Keywords: business model, innovation, critical success factors, digital transformation, knowledge management, talent management, competitiveness, leadership, transformation, change management, VUCA

INTRODUCTION

Donald Rumsfeld (a former US Defense Secretary) said in 2001 “we are now living in a world which combines known knowns, known unknowns, and unknown unknowns” (Syrett & Devine, 2012, p. 1). As a continuation, Syrett and Devine (2012, p. 2) point out that “the growth of the last category presents business leaders with a new and little charted management challenge.” These words are still relevant nowadays after a lot of intensity we all faced from that time. The authors continued that when the environment is so uncertain, it is challenging to apply the traditional analytical tools to predict the future of businesses and choose a clear strategic direction. Tassabehij and Isherwood (2014), after research conducted in 47 countries, found there are similarities in each country and business sector in that, although managers use a variety of tools, they continue to use those that are well established and are focused on the management of internal and external resources. In contrast, novel strategies, tools, and disruptive technologies needed to foster innovative “blue oceans” and dynamic organizations to gain new markets are not widely applied in practice. Syrett and Devin (2012) asked several questions that are still valid today, like 1) What makes for a good strategy in highly uncertain business environments and modern economies? 2) How can organizations prepare themselves for the challenge of anticipating and responding to unanticipated events? and 3) What are the individual and organizational capabilities needed in uncertain and intense times?
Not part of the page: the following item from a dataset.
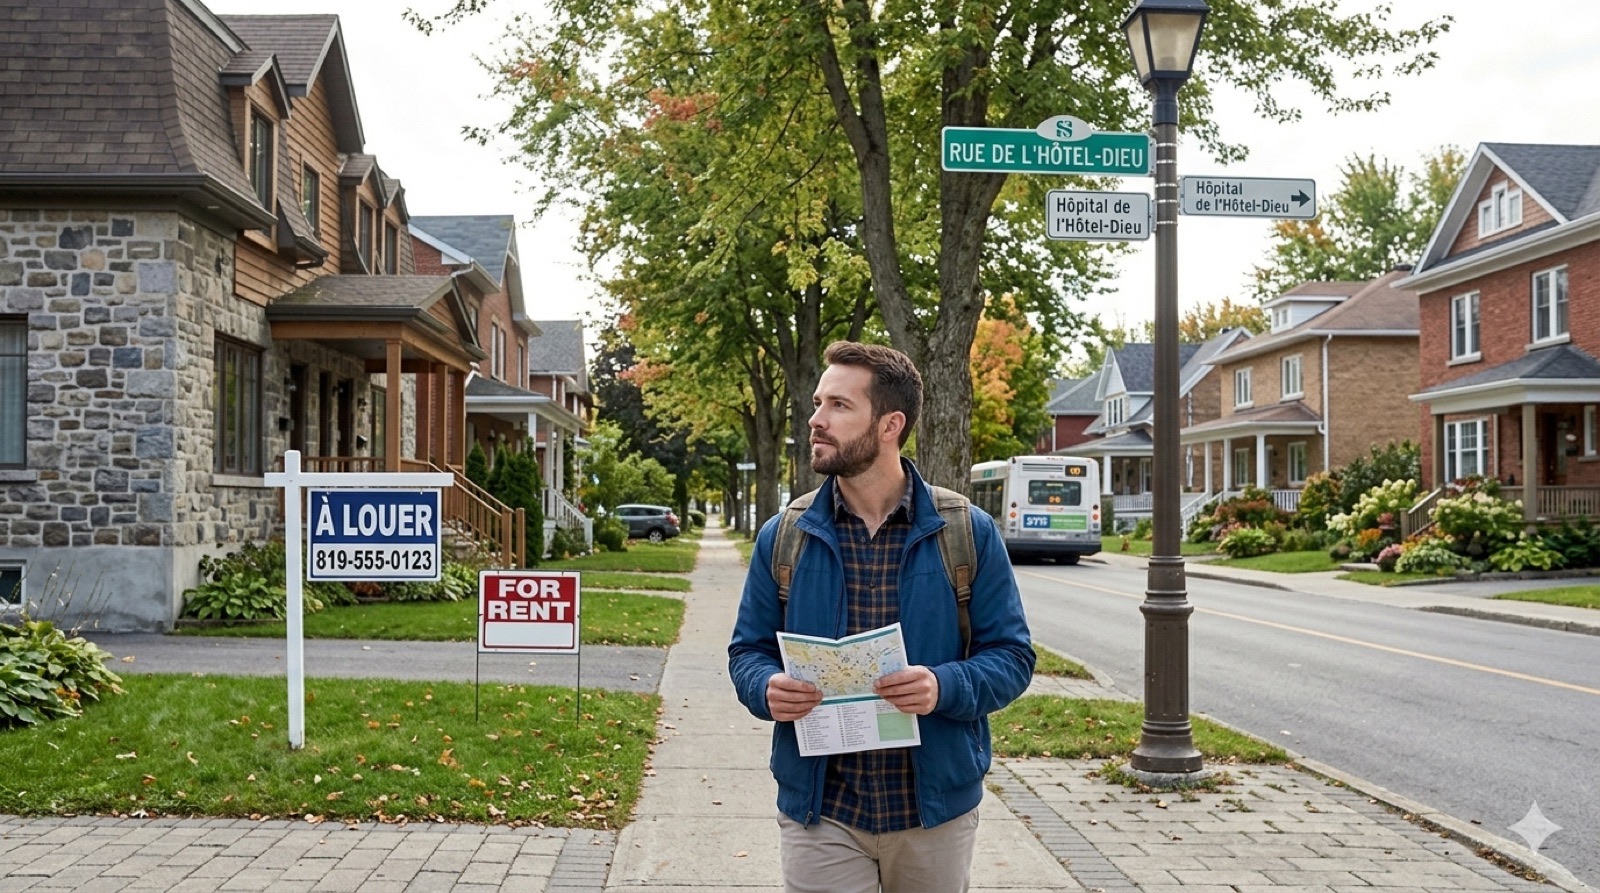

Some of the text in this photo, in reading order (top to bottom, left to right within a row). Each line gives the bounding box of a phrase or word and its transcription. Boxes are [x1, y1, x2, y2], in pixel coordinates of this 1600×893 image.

Agility, resilience, digitalization, and sustainability are terms that are gaining more popularity in business and leadership during turbulent times. Miceli et al. (2021) present how these dimensions interact to help business to become strategically resilient. They offer a new view of resilience that includes a strategic attribute that could help companies capture change-related opportunities to design new ways of doing business under stress. An essential set of strategically agile processes, enabled by digitalization, creates strategic resilience that includes a proactive, opportunity-focused attitude in the face of change. Strategic resilience that leads to organizational sustainability is presented as a multi-domain concept similar to the holistic view of sustainability and its three components: environment, economy, and society.

The abovementioned dimensions are even more understandable and essential during the global crisis of the COVID-19 pandemic and will be in a “new normal” post-pandemic. Agility and resilience are among the most important and needed features for future challenges, business continuity, and their leaders post-pandemic (Nasser, 2021). Agility is an attribute that helped organizations survive and pass through the obstacles, especially those during COVID-19. Those who can adapt to those challenges, apply their lessons learned, and add new practices to react to the crisis might be called resilient. Chong et al. (2020) present five common characteristics that can help build agility in the “new normal”: 1) Establish a common purpose and clear communication, 2) Set up structures to allow rapid decision making; 3) Create networks of local teams with transparent, accountable roles; 4) Develop a culture that empowers people; and 5) Provide people with the technology they need.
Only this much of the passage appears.